In questo laboratorio identificherai quattro sostanze sconosciute. Due liquidi sconosciuti vengono riscaldati su piastre riscaldanti impostate a 105 °C mentre i termometri ne registrano la temperatura: il plateau che ciascun liquido raggiunge è il suo punto di ebollizione, da cui deriva il suo nome. Due solidi sconosciuti vengono quindi pesati sulla bilancia elettronica e immersi in un vaso di trabocco pieno, raccogliendo l'acqua spostata in un cilindro graduato; la massa e il volume insieme forniscono la densità, e la densità ne rivela l'identità.
Obiettivi Educativi
Familiarizzazione con l'ambiente di laboratorio
- Individuare e utilizzare l'attrezzatura di un banco di chimica a umido: piastre riscaldanti, sostegni universali e morsetti, agitatori magnetici, la bilancia elettronica, il vaso di troppopieno e il recipiente di recupero.
Uso di dispositivi di protezione e comportamento sicuro in laboratorio
- Indossare i dispositivi di protezione adeguati alla manipolazione di liquidi vicini all'ebollizione e smaltire i campioni usati nell'apposito contenitore di raccolta.
- Spiega perché le dita non devono toccare l'acqua durante una misurazione per dislocamento: qualsiasi oggetto immerso aggiunge il proprio volume e distorce il risultato.
Misurazione di volume e massa
- Misura i volumi dei liquidi in corrispondenza del menisco con il cilindro graduato appropriato.
- Pesare i solidi su una bilancia elettronica utilizzando una barchetta di pesata e registrare ogni misurazione con la relativa unità di misura.
Determinazione di un punto di ebollizione
- Montare un sistema di riscaldamento con un termometro fissato con morsetto, un'ancoretta magnetica e una registrazione temporizzata della temperatura.

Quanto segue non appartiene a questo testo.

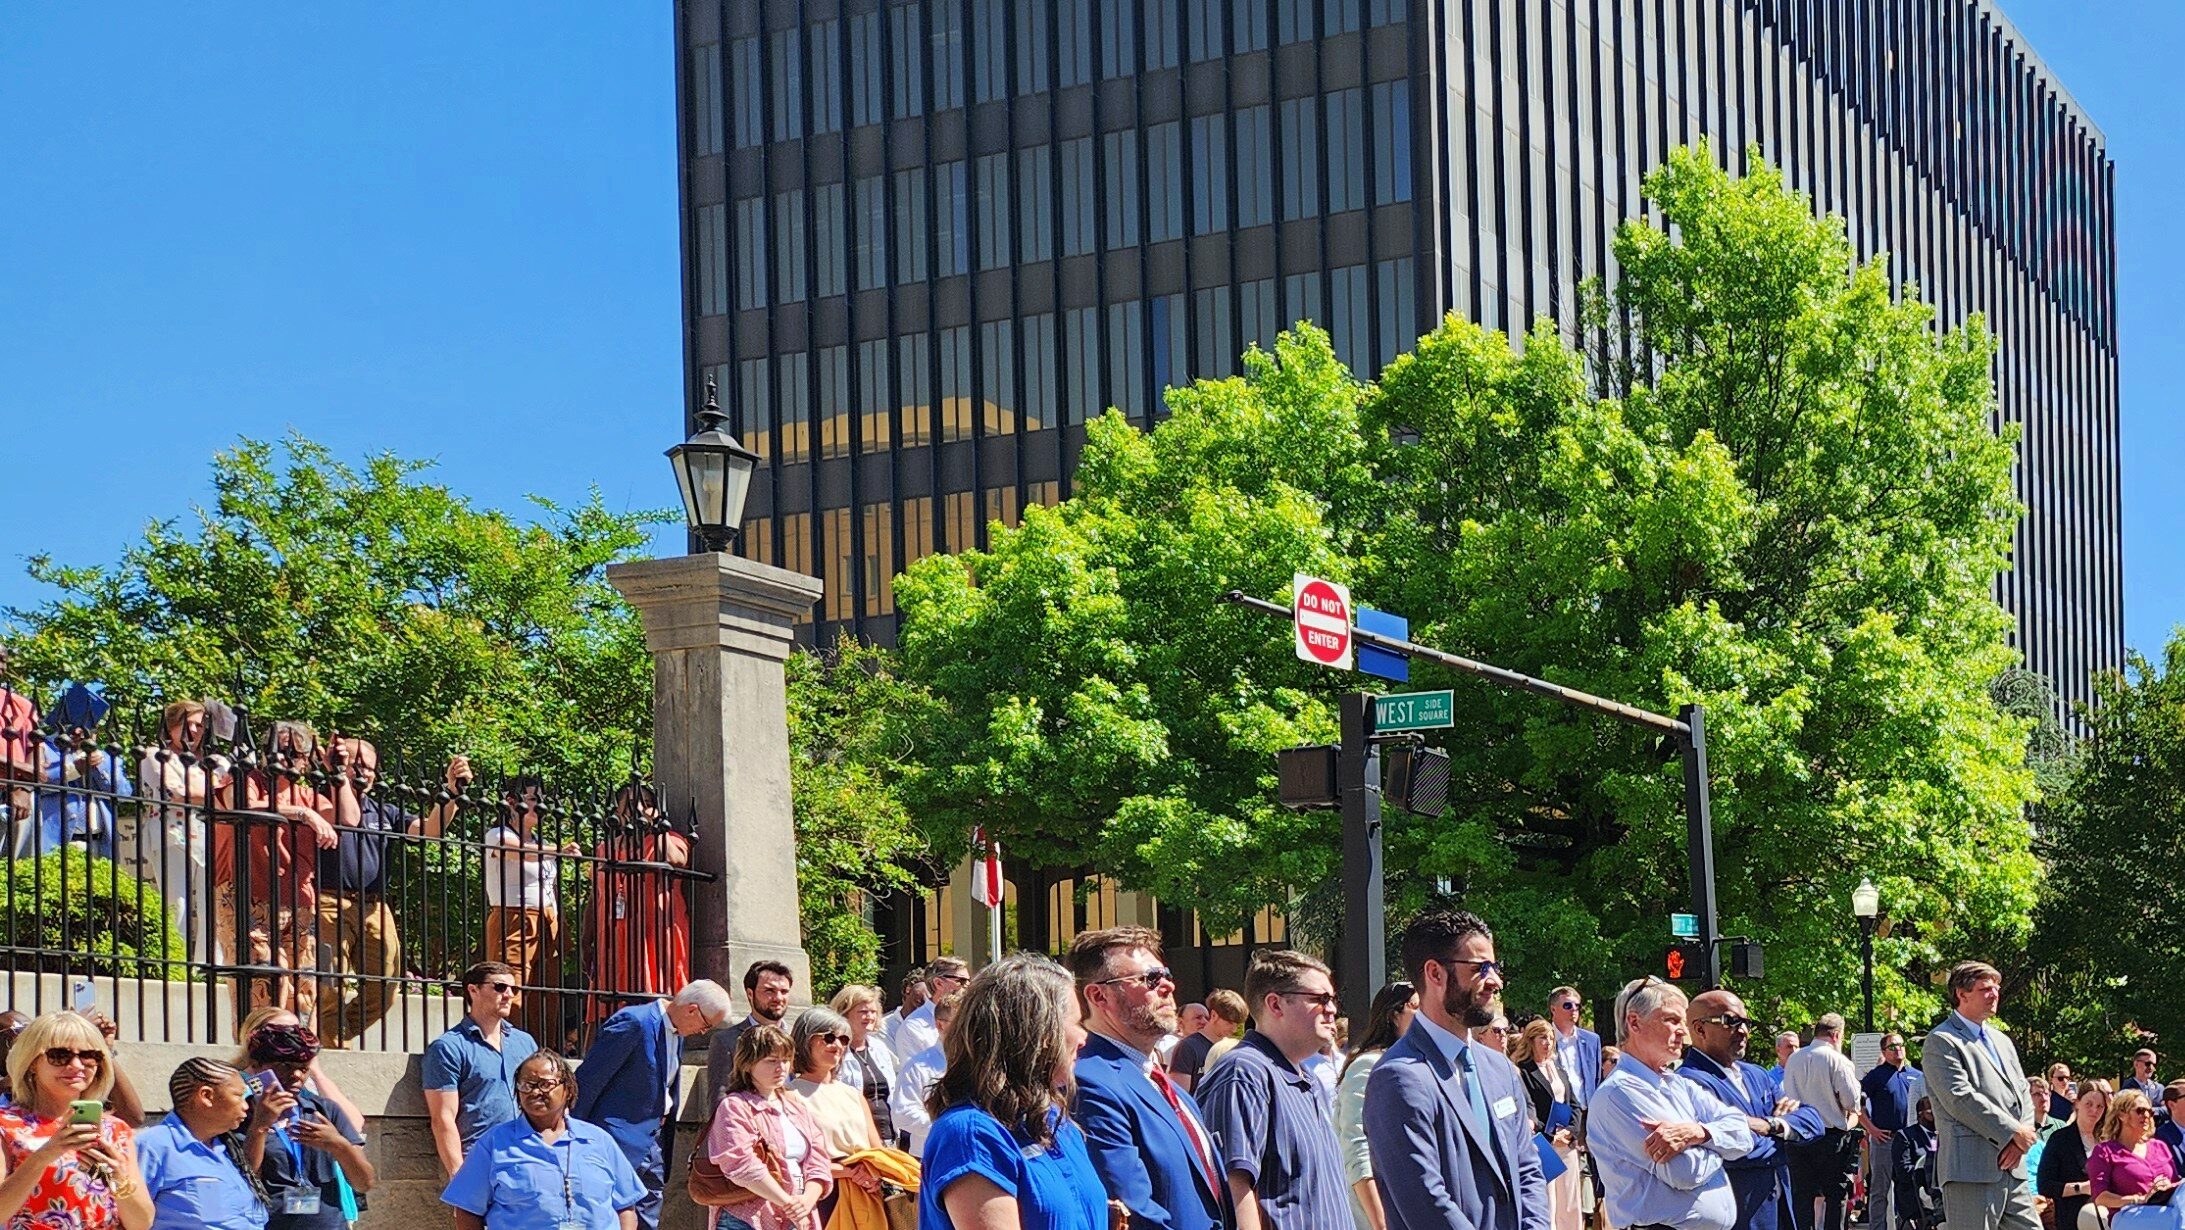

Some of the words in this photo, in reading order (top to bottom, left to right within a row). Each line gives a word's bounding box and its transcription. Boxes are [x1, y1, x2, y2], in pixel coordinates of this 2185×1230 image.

[1303, 592, 1318, 609] DO
[1321, 597, 1342, 615] NOT
[1308, 630, 1340, 651] ENTER
[1375, 700, 1415, 725] WEST
[1424, 698, 1442, 710] SIDE
[1418, 709, 1449, 722] SQUARE

- Riconosci il plateau di temperatura che segna l'ebollizione e usalo — non il gorgogliamento in sé — come punto di ebollizione misurato.
Determinazione della densità per spostamento d'acqua
- Misura il volume di un solido irregolare dall'acqua che esso sposta da un vaso trabocco pieno.
- Calcola la densità come ρ = m/V da una massa misurata e un volume spostato.
Identificazione delle sostanze dalle proprietà fisiche
- Confrontare un punto di ebollizione o una densità misurati con i valori di riferimento e giustificare l'identificazione.
- Specifica i limiti del confronto: quanto vicini possono essere due valori di riferimento prima che una singola proprietà non riesca più a separare i candidati.
Protocollo
Identificazione di liquidi sconosciuti
- Misurare con precisione 50 mL del liquido sconosciuto 1 utilizzando il cilindro graduato da 50 mL.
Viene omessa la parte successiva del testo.